---- Provided material
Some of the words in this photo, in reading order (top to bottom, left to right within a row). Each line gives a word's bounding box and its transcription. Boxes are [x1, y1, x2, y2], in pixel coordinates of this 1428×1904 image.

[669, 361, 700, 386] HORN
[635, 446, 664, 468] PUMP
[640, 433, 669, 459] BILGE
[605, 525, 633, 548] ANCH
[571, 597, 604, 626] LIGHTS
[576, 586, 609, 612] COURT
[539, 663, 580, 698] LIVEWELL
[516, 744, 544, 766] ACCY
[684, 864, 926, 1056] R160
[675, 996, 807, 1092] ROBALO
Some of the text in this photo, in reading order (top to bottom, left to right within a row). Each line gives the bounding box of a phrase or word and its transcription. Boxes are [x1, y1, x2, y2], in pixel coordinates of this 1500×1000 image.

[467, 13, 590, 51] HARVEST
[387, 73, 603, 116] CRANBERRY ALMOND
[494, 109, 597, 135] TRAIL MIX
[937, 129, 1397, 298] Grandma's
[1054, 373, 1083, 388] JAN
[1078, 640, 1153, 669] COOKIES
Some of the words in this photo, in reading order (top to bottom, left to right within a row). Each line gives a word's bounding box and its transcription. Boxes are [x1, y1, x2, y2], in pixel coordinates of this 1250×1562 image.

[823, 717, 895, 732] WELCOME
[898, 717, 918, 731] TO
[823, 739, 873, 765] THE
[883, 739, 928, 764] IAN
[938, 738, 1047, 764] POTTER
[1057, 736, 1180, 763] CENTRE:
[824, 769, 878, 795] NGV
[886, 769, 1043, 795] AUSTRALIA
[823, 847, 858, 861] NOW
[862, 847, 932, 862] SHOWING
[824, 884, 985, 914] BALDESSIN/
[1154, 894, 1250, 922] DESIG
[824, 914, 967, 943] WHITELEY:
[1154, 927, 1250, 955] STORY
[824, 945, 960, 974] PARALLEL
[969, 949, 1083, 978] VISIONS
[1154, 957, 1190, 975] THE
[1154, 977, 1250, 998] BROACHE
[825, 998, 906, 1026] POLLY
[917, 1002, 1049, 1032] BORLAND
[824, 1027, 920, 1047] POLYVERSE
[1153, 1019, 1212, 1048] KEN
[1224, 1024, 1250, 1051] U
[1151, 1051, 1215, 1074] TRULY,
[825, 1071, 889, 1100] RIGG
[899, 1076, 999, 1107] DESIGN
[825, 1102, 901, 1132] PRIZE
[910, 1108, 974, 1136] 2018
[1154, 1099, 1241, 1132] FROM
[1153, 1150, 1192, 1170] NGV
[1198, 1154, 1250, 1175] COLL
--------
Problem description: Copy each line of the data exactly, please.

Response area:
Some of the words in this photo, in reading order (top to bottom, left to right within a row). Each line gives a word's bounding box and its transcription. Boxes are [x1, y1, x2, y2], in pixel coordinates of this 1428×1904 image.

[669, 361, 700, 386] HORN
[635, 446, 664, 468] PUMP
[640, 433, 669, 459] BILGE
[605, 525, 633, 548] ANCH
[571, 597, 604, 626] LIGHTS
[576, 586, 609, 612] COURT
[539, 663, 580, 698] LIVEWELL
[516, 744, 544, 766] ACCY
[684, 864, 926, 1056] R160
[675, 996, 807, 1092] ROBALO
Some of the text in this photo, in reading order (top to bottom, left to right within a row). Each line gives the bounding box of a phrase or word and its transcription. Boxes are [x1, y1, x2, y2], in pixel coordinates of this 1500×1000 image.

[467, 13, 590, 51] HARVEST
[387, 73, 603, 116] CRANBERRY ALMOND
[494, 109, 597, 135] TRAIL MIX
[937, 129, 1397, 298] Grandma's
[1054, 373, 1083, 388] JAN
[1078, 640, 1153, 669] COOKIES
Some of the words in this photo, in reading order (top to bottom, left to right within a row). Each line gives a word's bounding box and its transcription. Boxes are [x1, y1, x2, y2], in pixel coordinates of this 1250×1562 image.

[823, 717, 895, 732] WELCOME
[898, 717, 918, 731] TO
[823, 739, 873, 765] THE
[883, 739, 928, 764] IAN
[938, 738, 1047, 764] POTTER
[1057, 736, 1180, 763] CENTRE:
[824, 769, 878, 795] NGV
[886, 769, 1043, 795] AUSTRALIA
[823, 847, 858, 861] NOW
[862, 847, 932, 862] SHOWING
[824, 884, 985, 914] BALDESSIN/
[1154, 894, 1250, 922] DESIG
[824, 914, 967, 943] WHITELEY:
[1154, 927, 1250, 955] STORY
[824, 945, 960, 974] PARALLEL
[969, 949, 1083, 978] VISIONS
[1154, 957, 1190, 975] THE
[1154, 977, 1250, 998] BROACHE
[825, 998, 906, 1026] POLLY
[917, 1002, 1049, 1032] BORLAND
[824, 1027, 920, 1047] POLYVERSE
[1153, 1019, 1212, 1048] KEN
[1224, 1024, 1250, 1051] U
[1151, 1051, 1215, 1074] TRULY,
[825, 1071, 889, 1100] RIGG
[899, 1076, 999, 1107] DESIGN
[825, 1102, 901, 1132] PRIZE
[910, 1108, 974, 1136] 2018
[1154, 1099, 1241, 1132] FROM
[1153, 1150, 1192, 1170] NGV
[1198, 1154, 1250, 1175] COLL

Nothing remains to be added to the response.